Microsoft held the Webcast to explain the proposed Yahoo deal to its nearly 80,000 employees.
The company rolled out its most recent release of Live Search in late September, and delivered Wave 2 of its Live services suite in early November.
Last fall, officials said Microsoft was planning to have a major release of Live Search approximately every six months, which means that Rome is close to being on time so far. While not on the same schedule, an updated set of Live services is also planned for later in the year.
"We are now in [the] vision phase for Windows Live Wave 3, working to get that out later this year [and] we are full speed ahead for this Rome release in the spring," said Kevin Johnson, president of Microsoft's Platforms & Services Division. He also said that work is going on meant to "reinvent" the company's MSN Web portal.

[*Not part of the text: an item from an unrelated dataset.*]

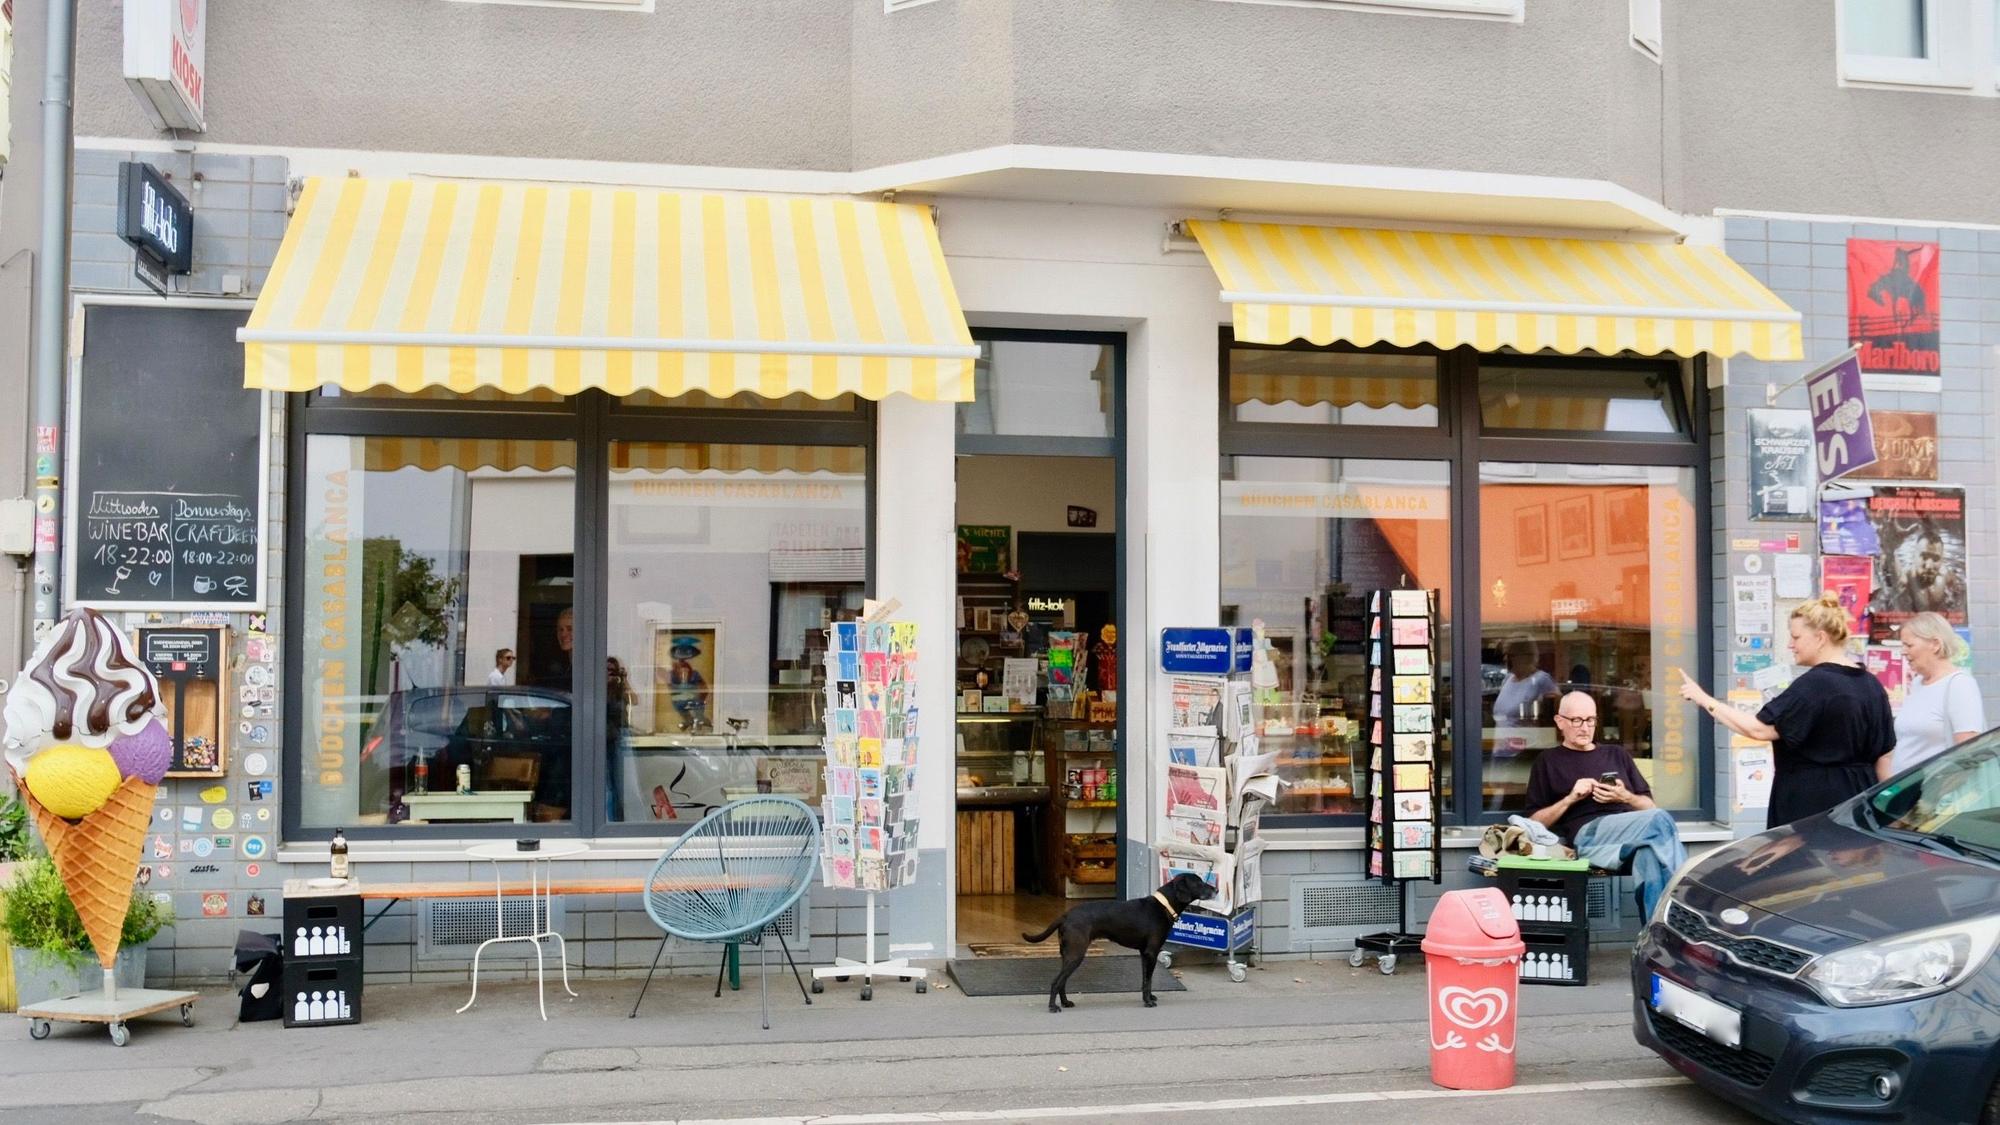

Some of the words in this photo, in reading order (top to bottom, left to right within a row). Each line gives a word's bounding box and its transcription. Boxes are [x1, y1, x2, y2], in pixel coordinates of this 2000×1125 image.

[172, 34, 202, 108] KIOSK
[321, 469, 348, 651] CASABLANCA
[1662, 498, 1684, 657] CASABLANCA
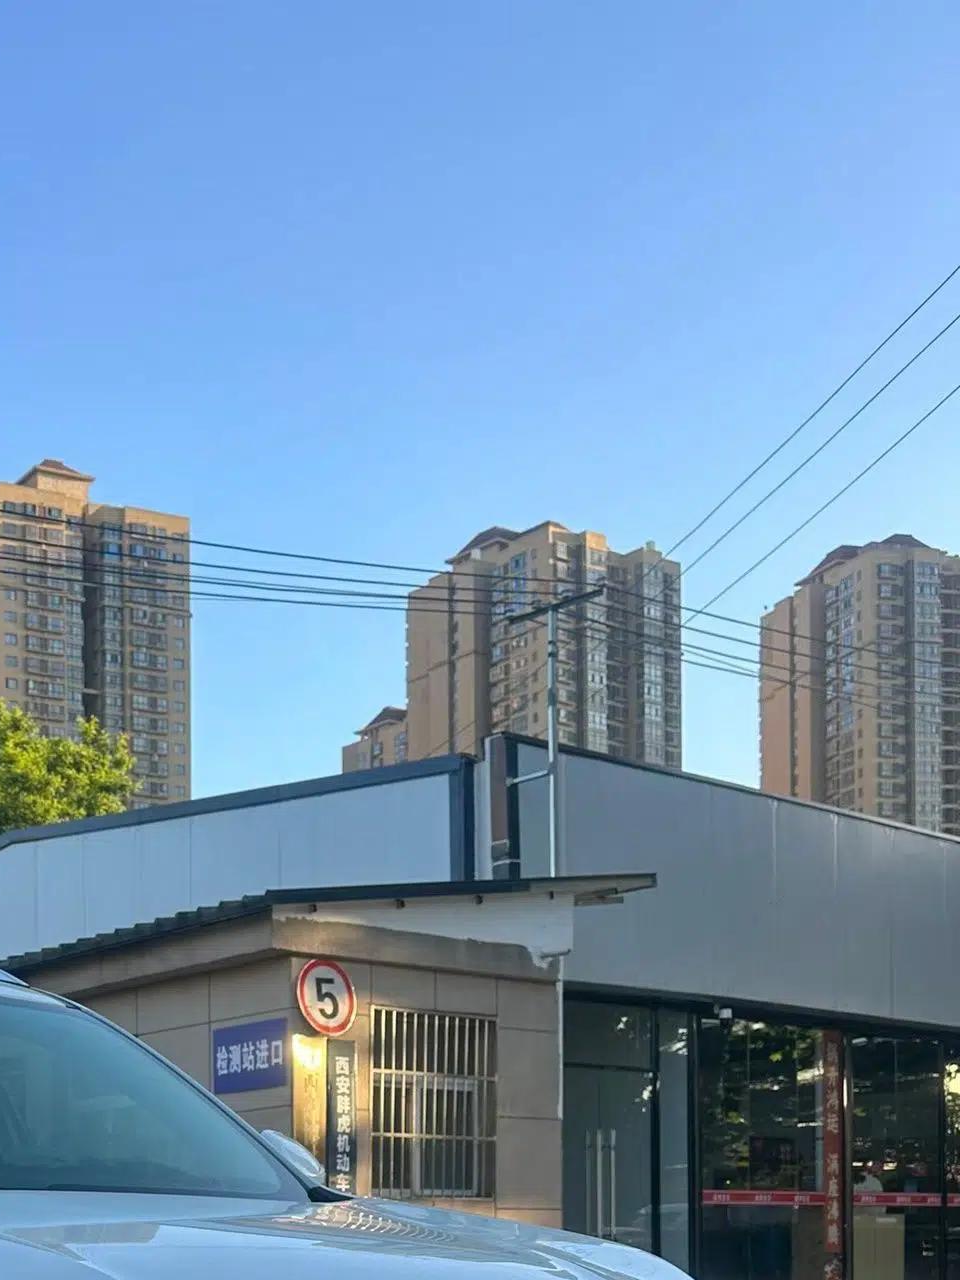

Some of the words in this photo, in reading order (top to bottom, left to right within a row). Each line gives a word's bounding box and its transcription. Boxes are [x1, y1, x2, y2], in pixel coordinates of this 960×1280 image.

However, executives, including chief software architect Ray Ozzie, who also addressed employees, gave no new details of what new capabilities Wave 3 Live services will provide or what changes are being made to Search and MSN.
Microsoft's Live services initiative is a component of its larger software-plus-service strategy, which the company is betting will enable it to survive and flourish in an increasingly Web 2.0-based world economy.
Executives also gave a few clues as to what may happen if the Yahoo takeover is successful – such as consolidating the Yahoo and Microsoft search engines, and e-mail offerings.
"We're really talking about how do we literally get more focused instead of having two search [engines], two ad platforms, focus, more innovation, drive, drive, drive, drive, drive, and really get important things done in the market," CEO Steve Ballmer said.
The company's executives did discuss some major changes that are likely on the horizon, however, if the takeover goes through.
"It doesn’t make sense to have thousands of engineers at Yahoo working on a search index, [and] thousands of engineers at Microsoft working on the same search index [so] by combining, we can have one team of people across the two companies working on the search index, and then have others continue to focus on areas where we’ve defined differentiation in search, new search verticals and expanded user experience for search," Johnson added.